◆ TASK DIRECTIONS: No pictures belong in the answer. Repeat all the entries exactly.

Images for object localization:
=-=-=
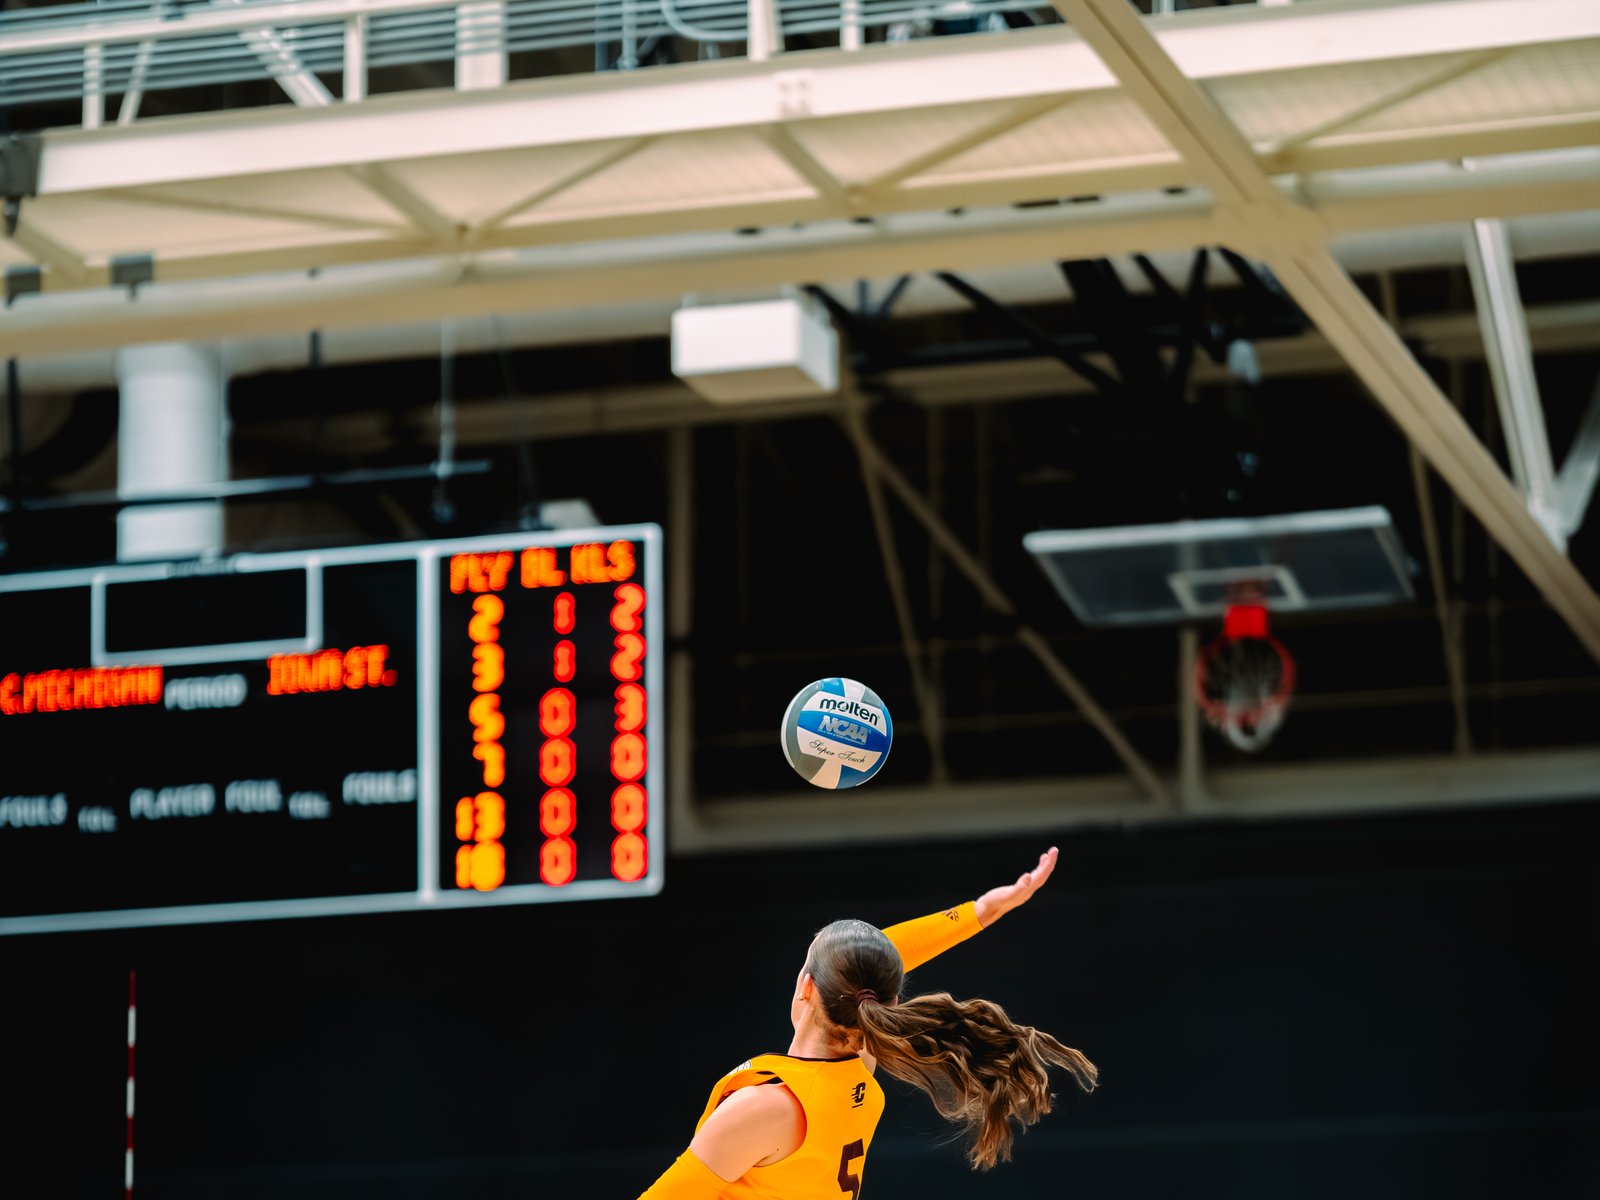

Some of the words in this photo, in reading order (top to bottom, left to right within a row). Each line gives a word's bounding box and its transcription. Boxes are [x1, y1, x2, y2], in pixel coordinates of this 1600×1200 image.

[468, 594, 504, 643] 2
[554, 592, 575, 634] 1
[610, 583, 646, 633] 2
[472, 641, 504, 692] 3
[554, 640, 575, 682] 1
[610, 632, 646, 682] 2
[469, 693, 505, 743] 5
[539, 687, 576, 739] 0
[614, 682, 646, 734] 3
[817, 714, 868, 743] NCAA
[820, 698, 879, 726] molten
[539, 736, 576, 788] 0
[610, 731, 648, 783] 0
[809, 739, 836, 756] Super
[838, 750, 865, 763] Touch
[540, 787, 576, 839] 0
[611, 782, 648, 834] 0
[540, 835, 576, 888] 0
[611, 830, 648, 883] 0
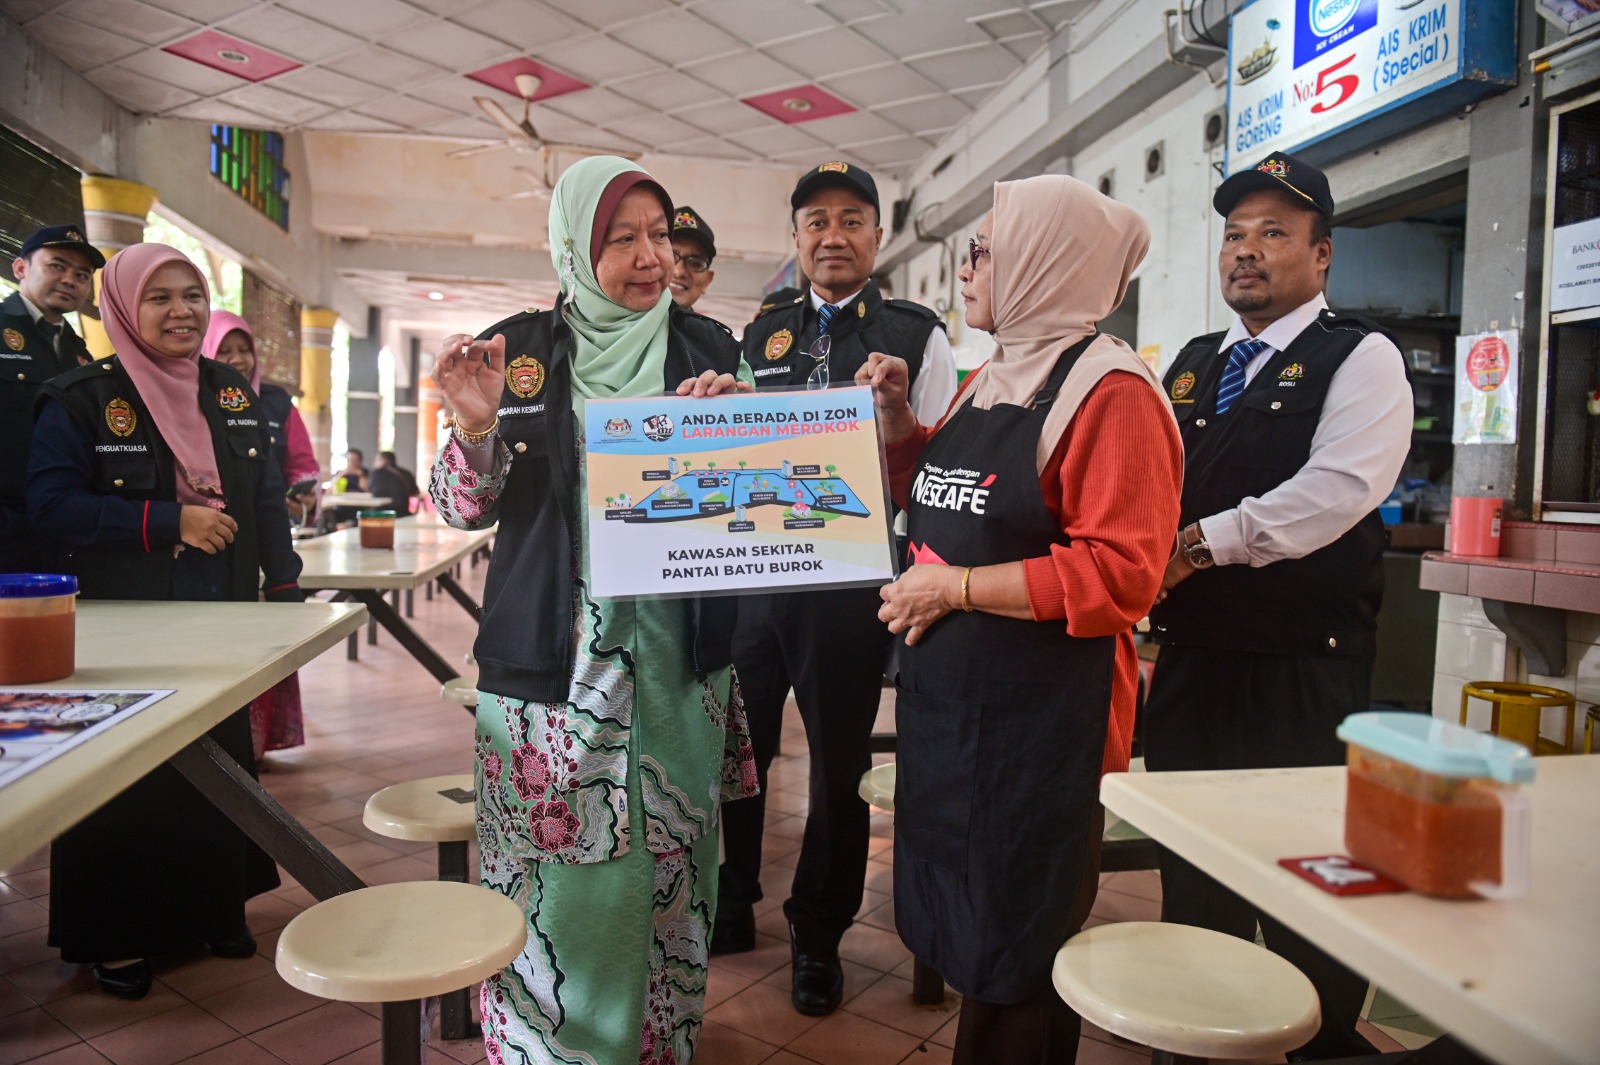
=-=-=
◆ REPLY:
Some of the words in this photo, in reading order (top to bottom, left to right within a row). Each line gives a word's bounding box and its transcription. Boxes are [x1, y1, x2, y2], in pixel coordinates of this 1600×1200 image.

[468, 594, 504, 643] 2
[554, 592, 575, 634] 1
[610, 583, 646, 633] 2
[472, 641, 504, 692] 3
[554, 640, 575, 682] 1
[610, 632, 646, 682] 2
[469, 693, 505, 743] 5
[539, 687, 576, 739] 0
[614, 682, 646, 734] 3
[817, 714, 868, 743] NCAA
[820, 698, 879, 726] molten
[539, 736, 576, 788] 0
[610, 731, 648, 783] 0
[809, 739, 836, 756] Super
[838, 750, 865, 763] Touch
[540, 787, 576, 839] 0
[611, 782, 648, 834] 0
[540, 835, 576, 888] 0
[611, 830, 648, 883] 0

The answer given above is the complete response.